TASK TO COMPLETE: Without including any pictures, return the records below exactly as written.

DATA SUPPLIED:
++++++++

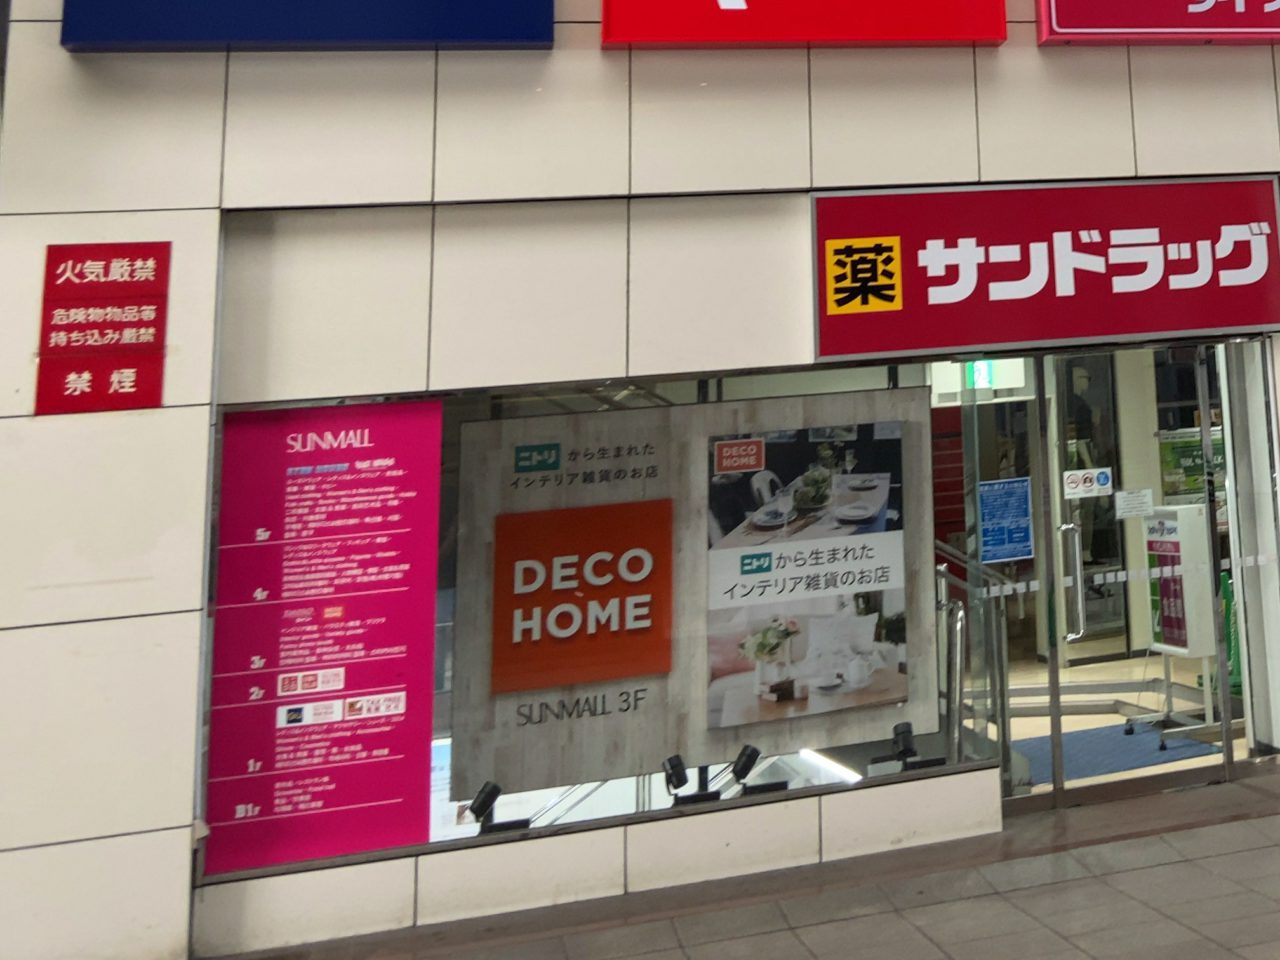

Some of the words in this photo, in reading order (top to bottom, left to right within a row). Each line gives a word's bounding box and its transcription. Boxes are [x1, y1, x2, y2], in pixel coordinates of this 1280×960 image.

[54, 257, 157, 285] 火気厳禁
[831, 242, 897, 307] 薬
[917, 221, 1273, 306] サンドラッグ
[49, 327, 157, 348] 持ち込み厳禁
[286, 428, 375, 453] SUNMALL
[722, 444, 757, 457] DECO
[516, 448, 558, 468] ニトリ
[567, 442, 656, 463] から生まれた
[722, 455, 757, 467] HOME
[510, 464, 660, 490] インテリア雑貨のお店
[742, 557, 771, 571] ニトリ
[775, 544, 876, 570] から生まれた
[513, 547, 654, 596] DECO
[723, 566, 891, 600] インテリア雑貨のお店
[512, 593, 653, 644] HOME
[516, 695, 612, 728] SUNMALL
[618, 688, 648, 714] 3F
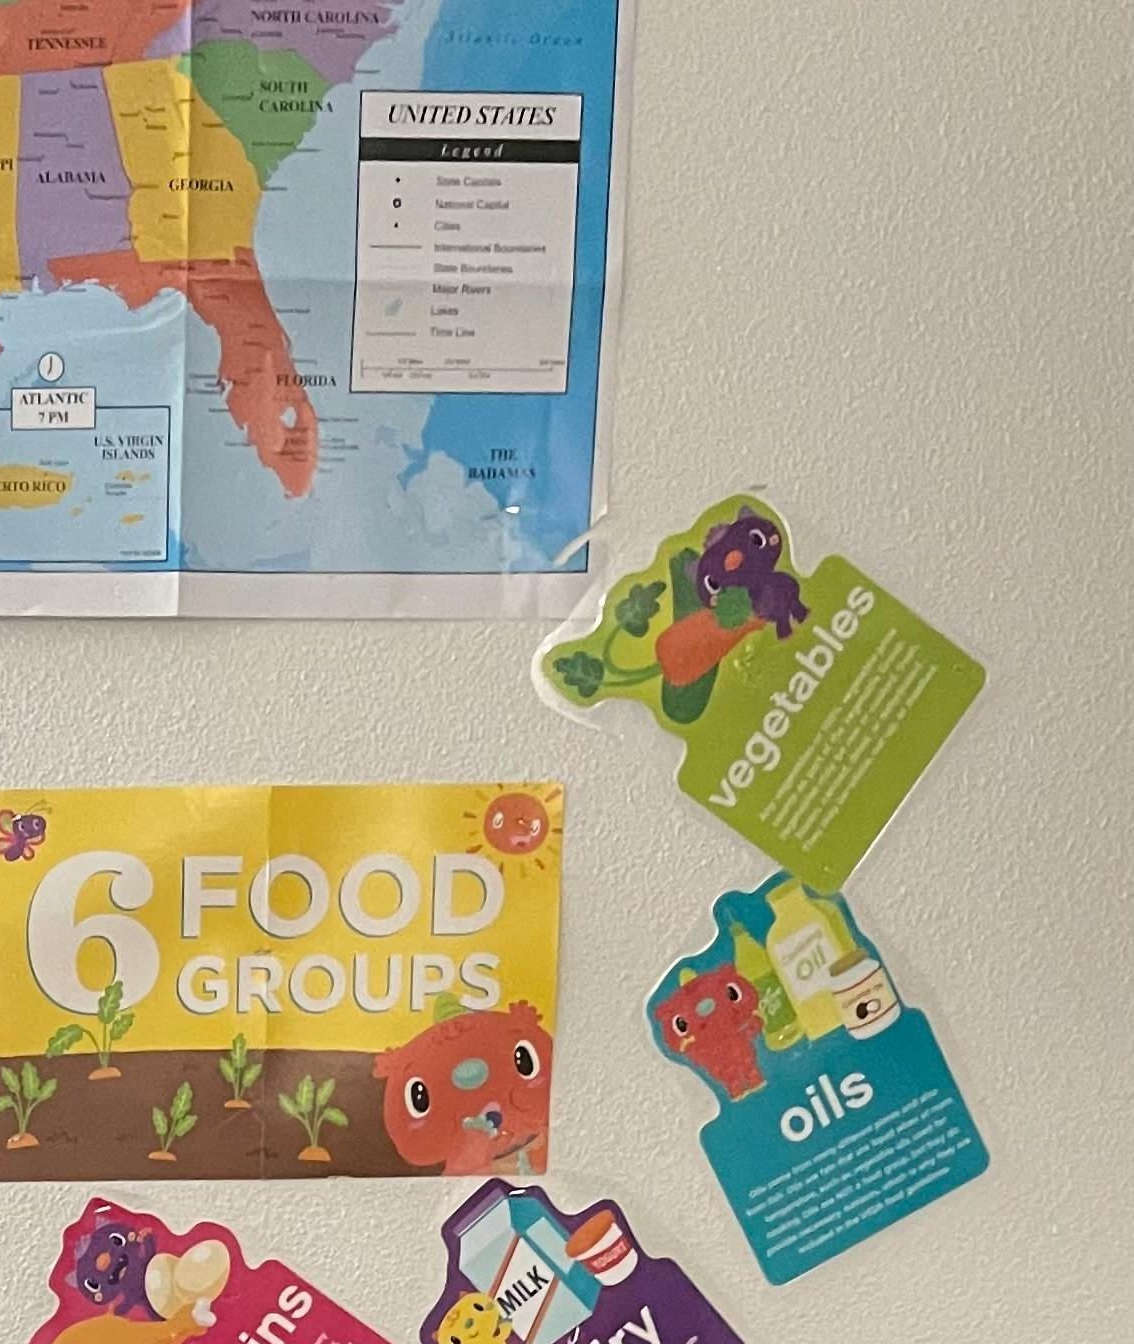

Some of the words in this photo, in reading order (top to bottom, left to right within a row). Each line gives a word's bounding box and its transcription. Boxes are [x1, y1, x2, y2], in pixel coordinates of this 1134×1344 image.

++++++++

RESPONSE BOX:
Some of the words in this photo, in reading order (top to bottom, left to right within a row). Each line gives a word's bounding box and its transcription. Boxes are [x1, y1, x2, y2], in pixel coordinates of this 1280×960 image.

[54, 257, 157, 285] 火気厳禁
[831, 242, 897, 307] 薬
[917, 221, 1273, 306] サンドラッグ
[49, 327, 157, 348] 持ち込み厳禁
[286, 428, 375, 453] SUNMALL
[722, 444, 757, 457] DECO
[516, 448, 558, 468] ニトリ
[567, 442, 656, 463] から生まれた
[722, 455, 757, 467] HOME
[510, 464, 660, 490] インテリア雑貨のお店
[742, 557, 771, 571] ニトリ
[775, 544, 876, 570] から生まれた
[513, 547, 654, 596] DECO
[723, 566, 891, 600] インテリア雑貨のお店
[512, 593, 653, 644] HOME
[516, 695, 612, 728] SUNMALL
[618, 688, 648, 714] 3F

Some of the words in this photo, in reading order (top to bottom, left to right within a row). Each line gives a word's bounding box and its transcription. Boxes are [x1, y1, x2, y2], in pixel coordinates of this 1134×1344 image.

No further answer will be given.